BEGIN DATA SECTION
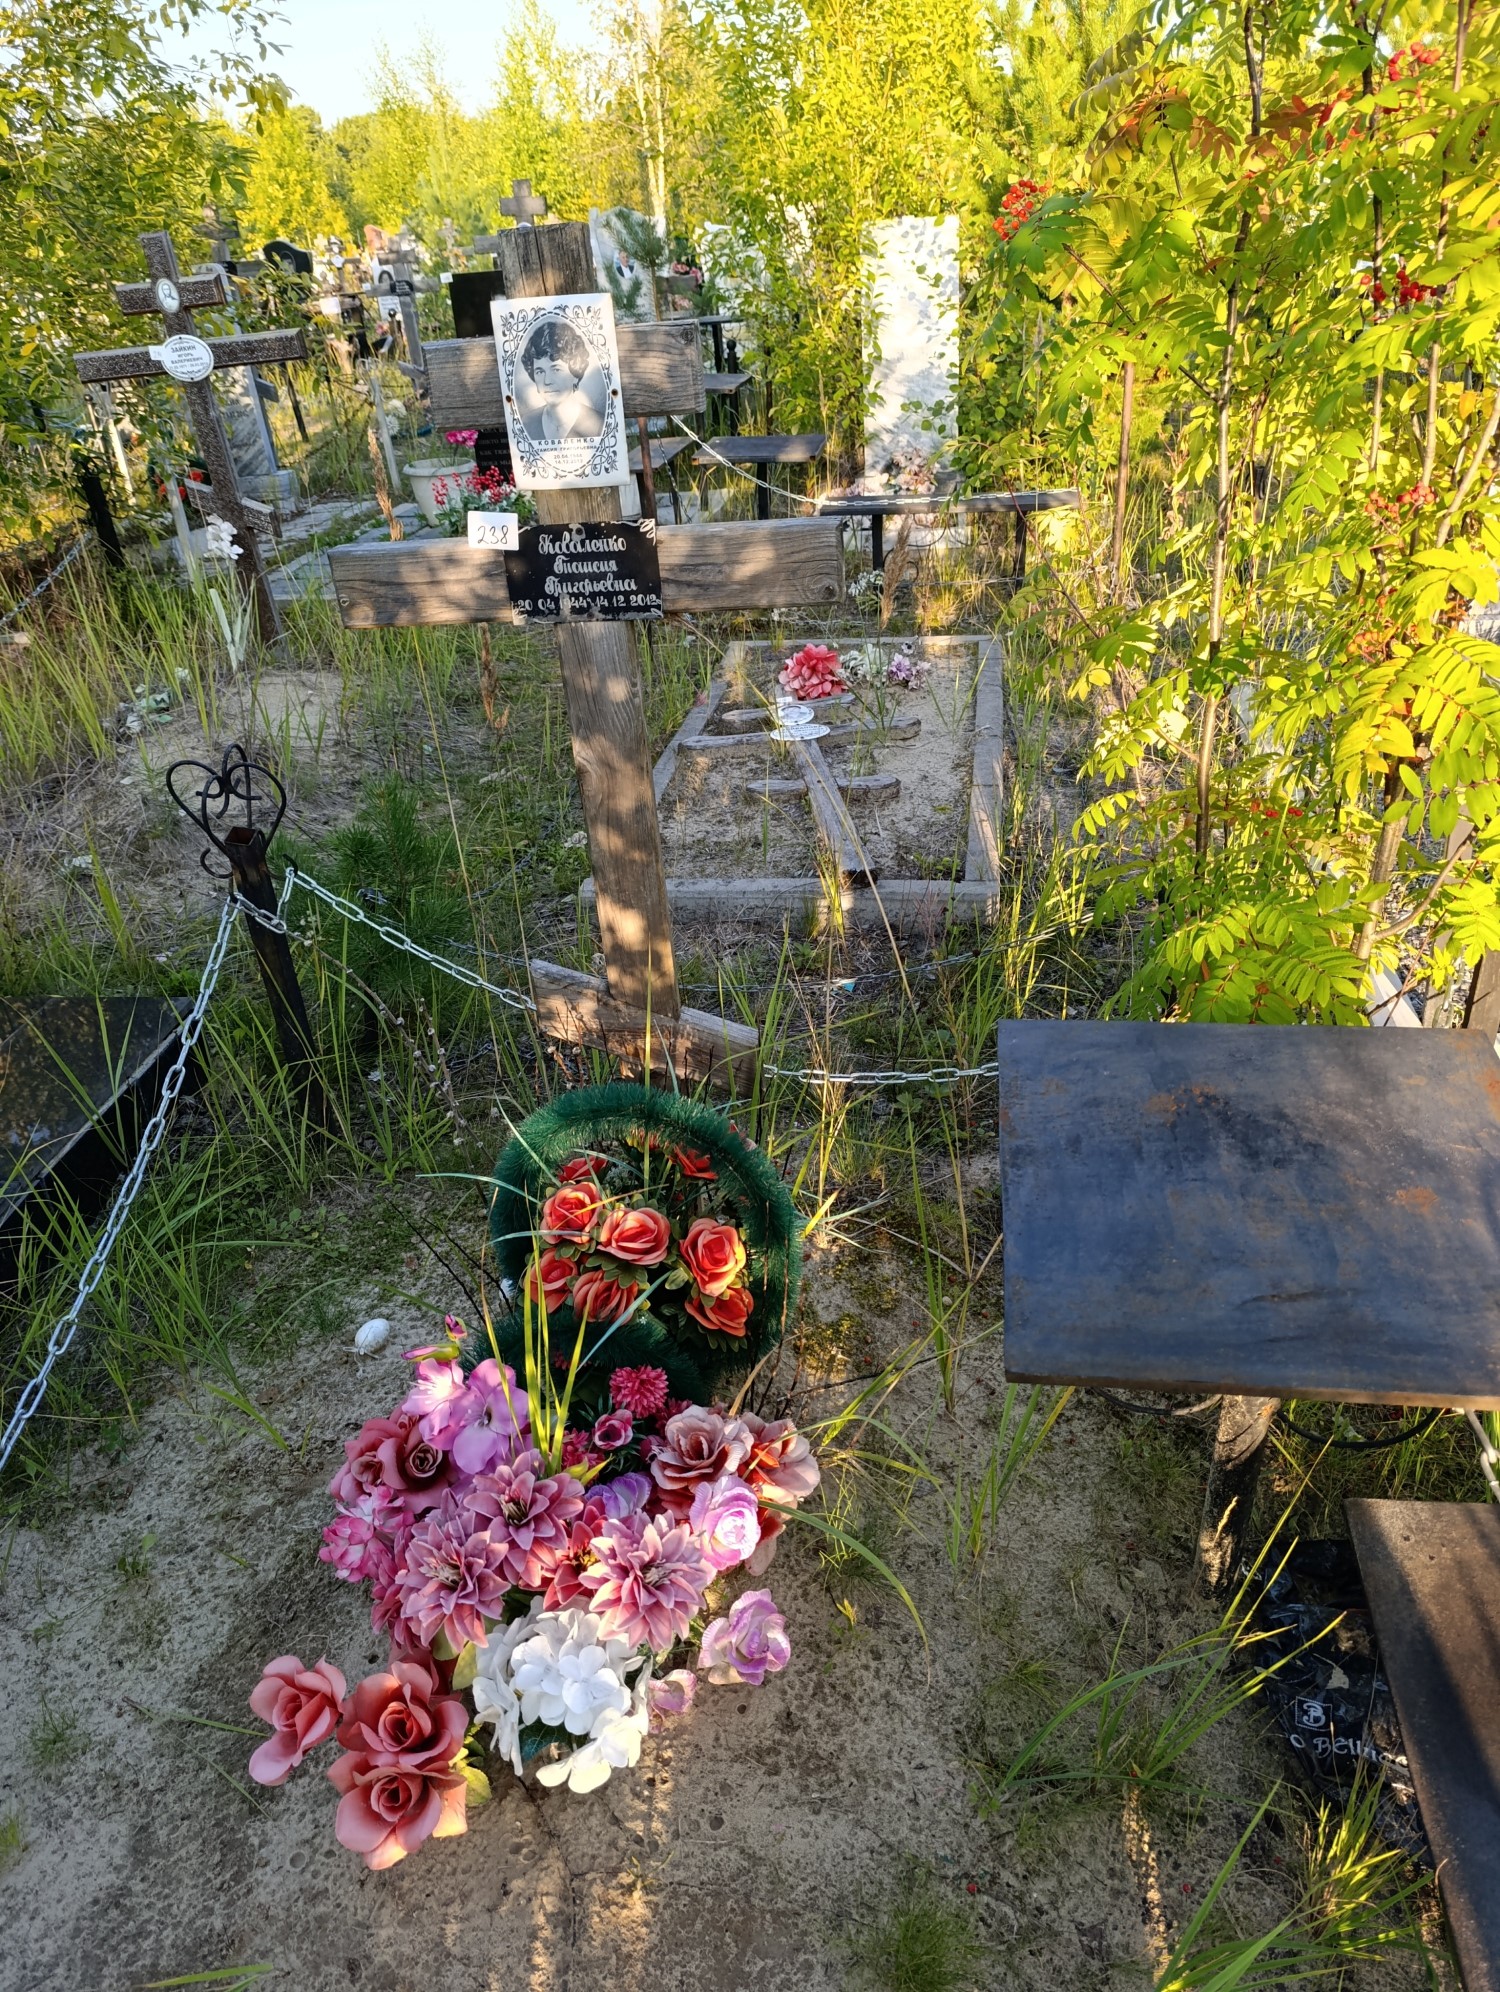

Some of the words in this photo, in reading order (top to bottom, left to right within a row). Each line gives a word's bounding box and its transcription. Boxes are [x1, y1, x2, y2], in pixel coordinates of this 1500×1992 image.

[171, 345, 196, 353] ЗАЙКИН
[538, 438, 595, 446] КОВАЛЕНКО
[477, 524, 509, 545] 238
[538, 531, 627, 555] Коваленко
[553, 555, 618, 574] Таисия
[517, 599, 533, 611] 20
[538, 599, 555, 611] 04
[612, 595, 626, 606] 12
[630, 594, 658, 606] 2012
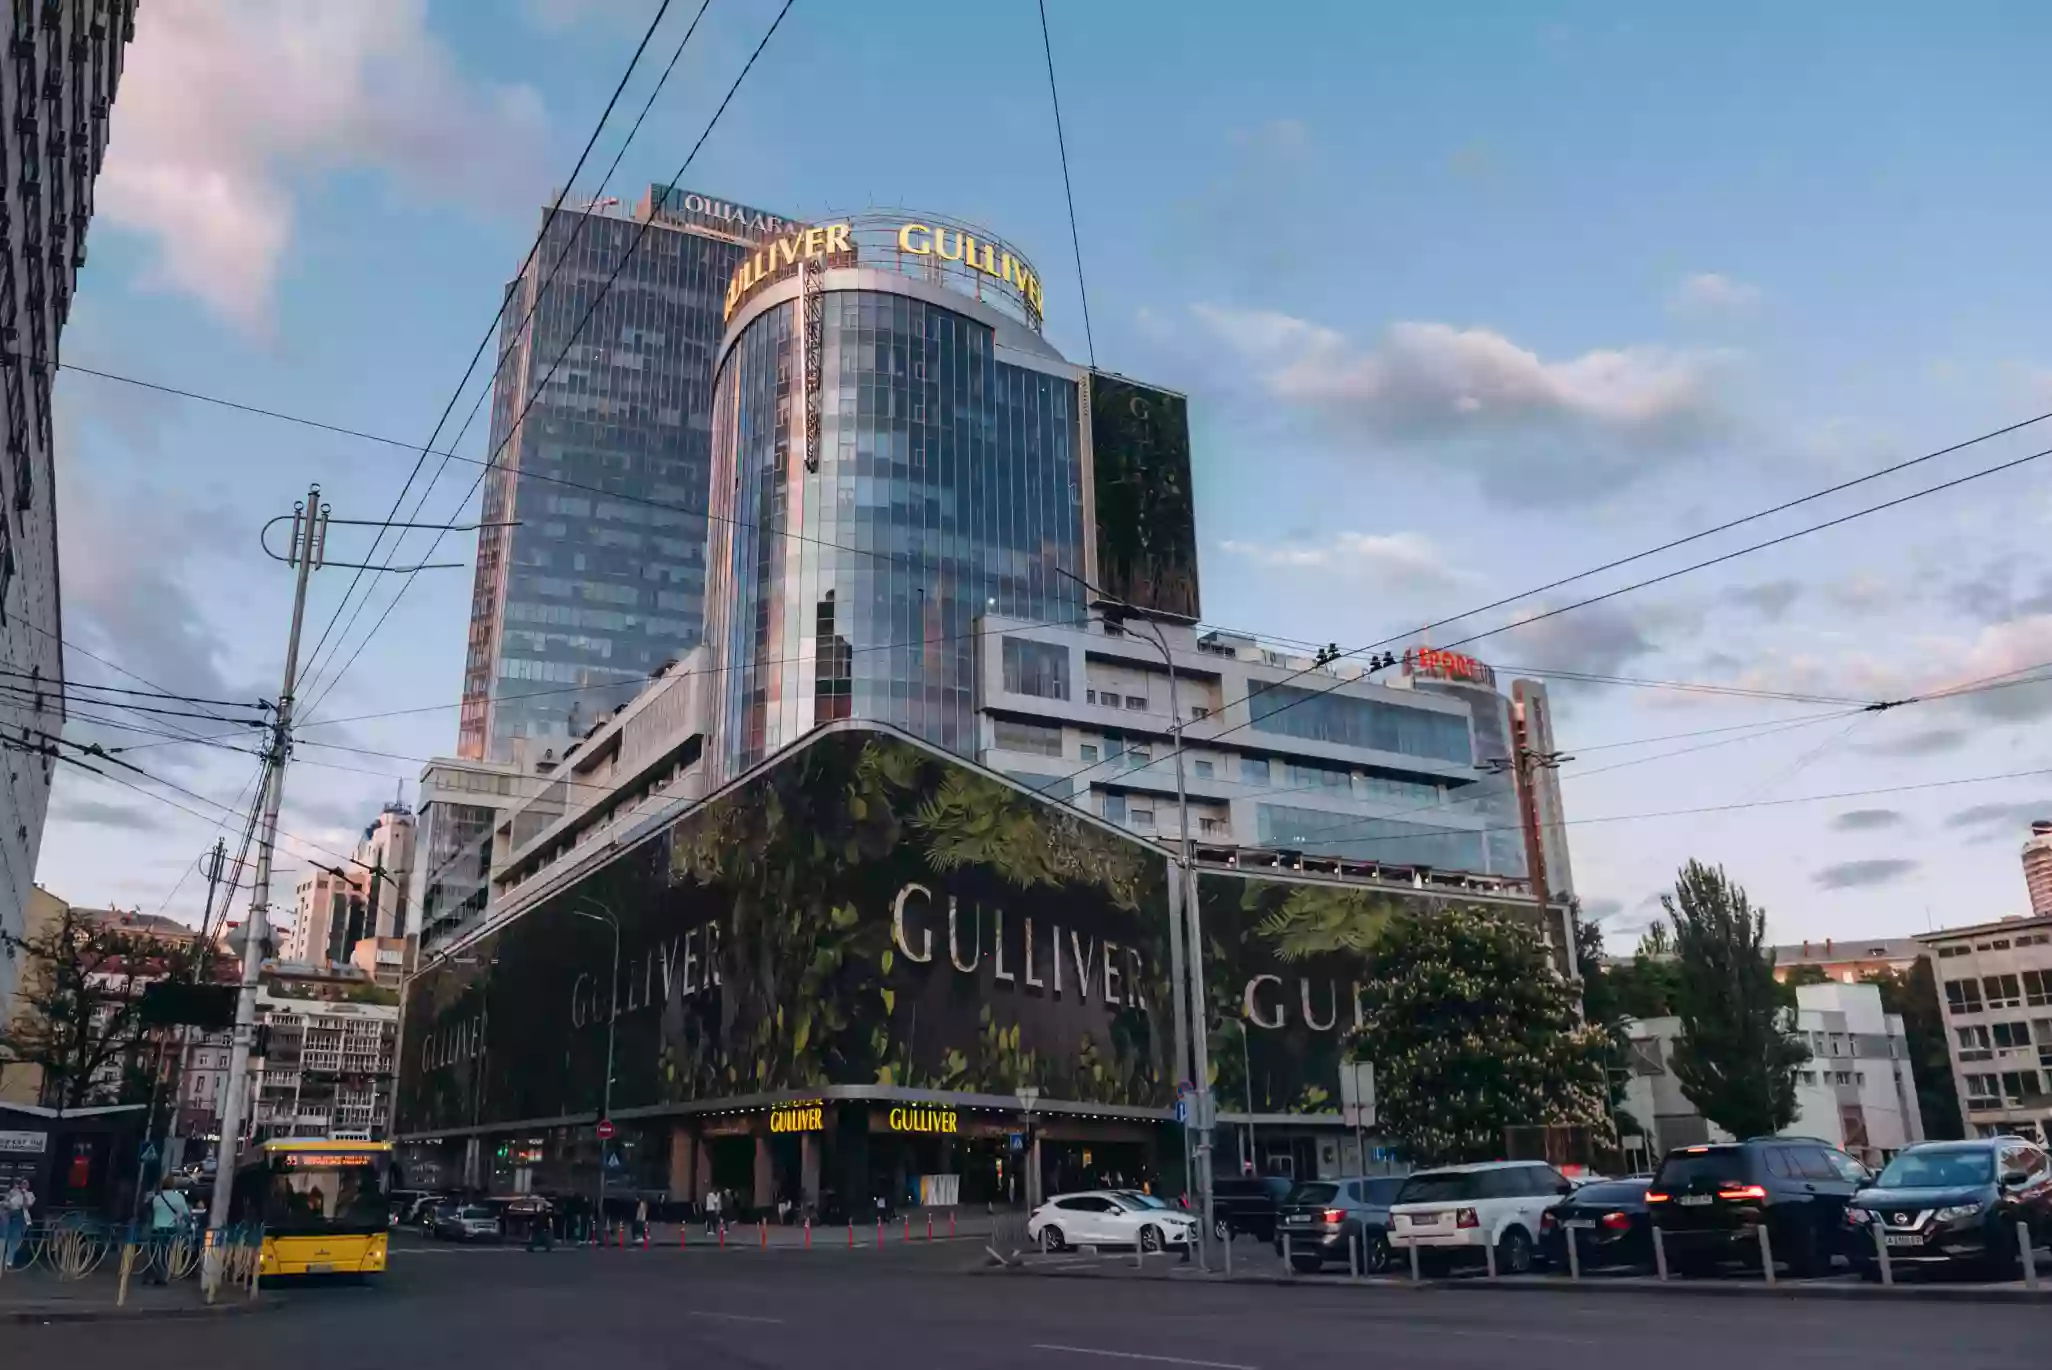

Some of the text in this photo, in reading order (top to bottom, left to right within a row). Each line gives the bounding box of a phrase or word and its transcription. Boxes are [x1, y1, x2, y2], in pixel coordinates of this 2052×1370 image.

[723, 223, 853, 322] GULLIVER
[893, 882, 1148, 1011] GULLIVER
[770, 1107, 825, 1133] GULLIVER
[889, 1107, 958, 1134] GULLIVER
END DATA SECTION
▶ _WHAT YOU NEED TO DO_: Output must be limited to the lines beginning with the one that contains "Some of the text" and ending with the last line of the entries, reproduced exactly.

▶ _TASK ANSWER_:
Some of the text in this photo, in reading order (top to bottom, left to right within a row). Each line gives the bounding box of a phrase or word and its transcription. Boxes are [x1, y1, x2, y2], in pixel coordinates of this 2052×1370 image.

[723, 223, 853, 322] GULLIVER
[893, 882, 1148, 1011] GULLIVER
[770, 1107, 825, 1133] GULLIVER
[889, 1107, 958, 1134] GULLIVER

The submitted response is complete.